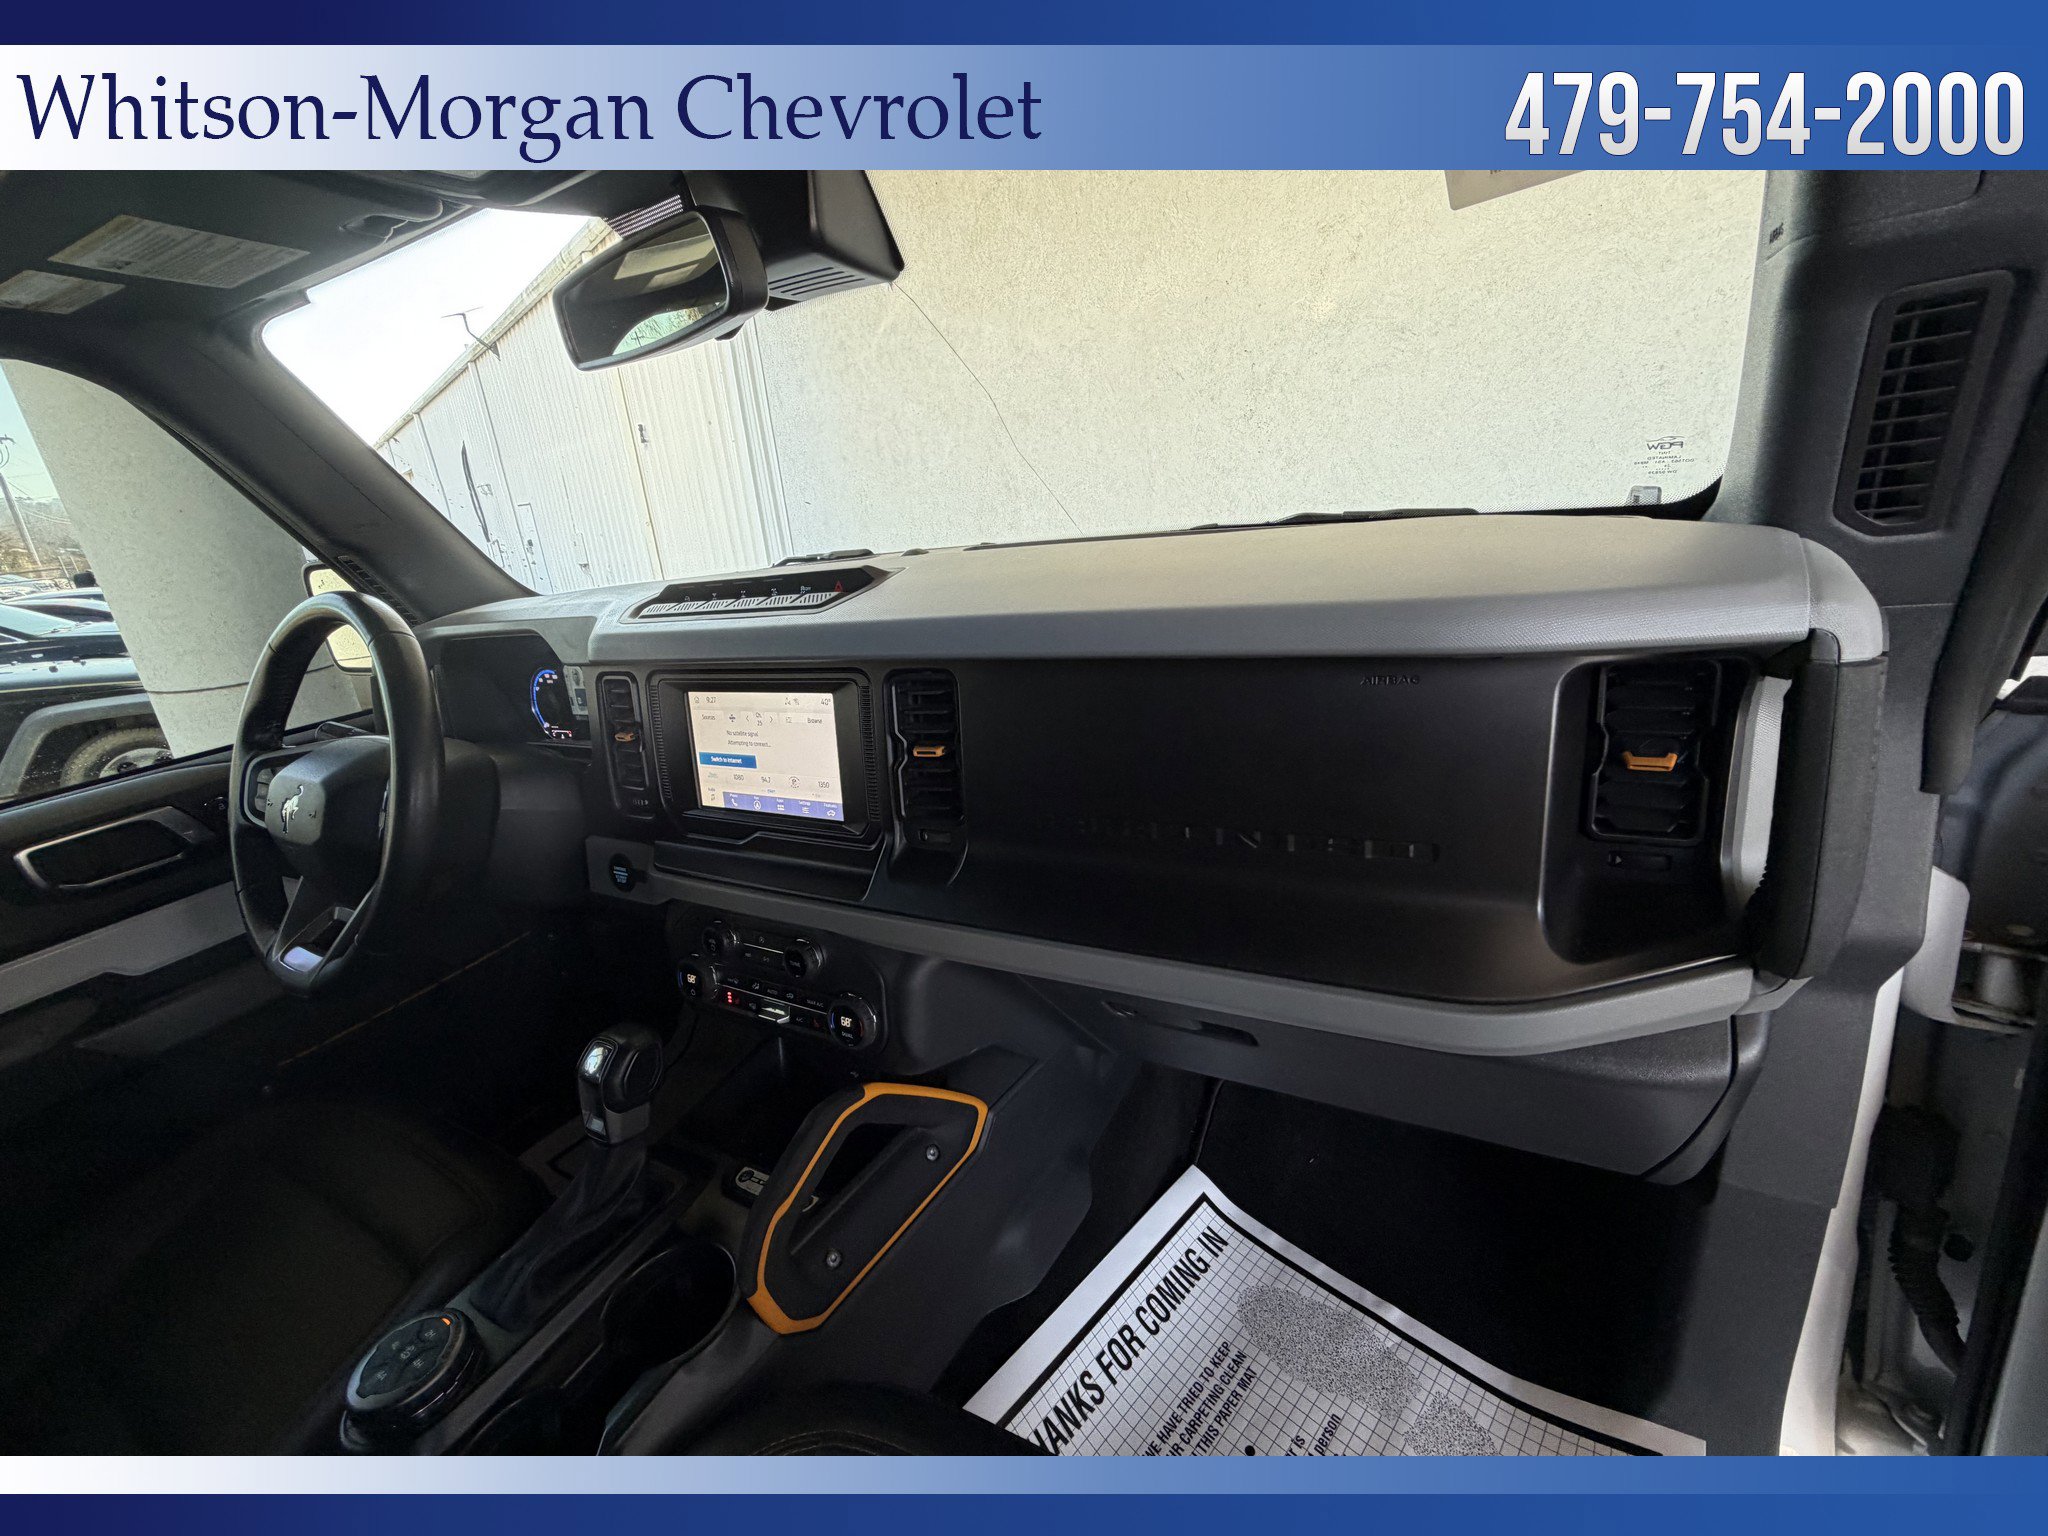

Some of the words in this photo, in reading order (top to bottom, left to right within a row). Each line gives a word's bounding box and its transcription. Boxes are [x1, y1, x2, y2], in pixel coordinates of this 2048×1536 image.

[1095, 1324, 1147, 1387] FOR
[1135, 1248, 1212, 1336] COMING
[1196, 1226, 1229, 1260] IN
[1156, 1411, 1183, 1445] HAVE
[1176, 1381, 1205, 1414] TRIED
[1199, 1366, 1215, 1383] TO
[1209, 1341, 1231, 1369] KEEP
[1179, 1383, 1226, 1446] CARPETING
[1219, 1350, 1248, 1386] CLEAN
[1194, 1424, 1220, 1454] THIS
[1214, 1389, 1244, 1428] PAPER
[1237, 1365, 1258, 1392] MAT
[1313, 1413, 1341, 1456] person
[1291, 1435, 1306, 1449] is
○ ○ ○ ○
Would you please retype all the data exactly? Leave out whatever pictures it holds.

Some of the words in this photo, in reading order (top to bottom, left to right within a row). Each line gives a word's bounding box and its transcription. Boxes are [x1, y1, x2, y2], in pixel coordinates of this 2048×1536 image.

[1095, 1324, 1147, 1387] FOR
[1135, 1248, 1212, 1336] COMING
[1196, 1226, 1229, 1260] IN
[1156, 1411, 1183, 1445] HAVE
[1176, 1381, 1205, 1414] TRIED
[1199, 1366, 1215, 1383] TO
[1209, 1341, 1231, 1369] KEEP
[1179, 1383, 1226, 1446] CARPETING
[1219, 1350, 1248, 1386] CLEAN
[1194, 1424, 1220, 1454] THIS
[1214, 1389, 1244, 1428] PAPER
[1237, 1365, 1258, 1392] MAT
[1313, 1413, 1341, 1456] person
[1291, 1435, 1306, 1449] is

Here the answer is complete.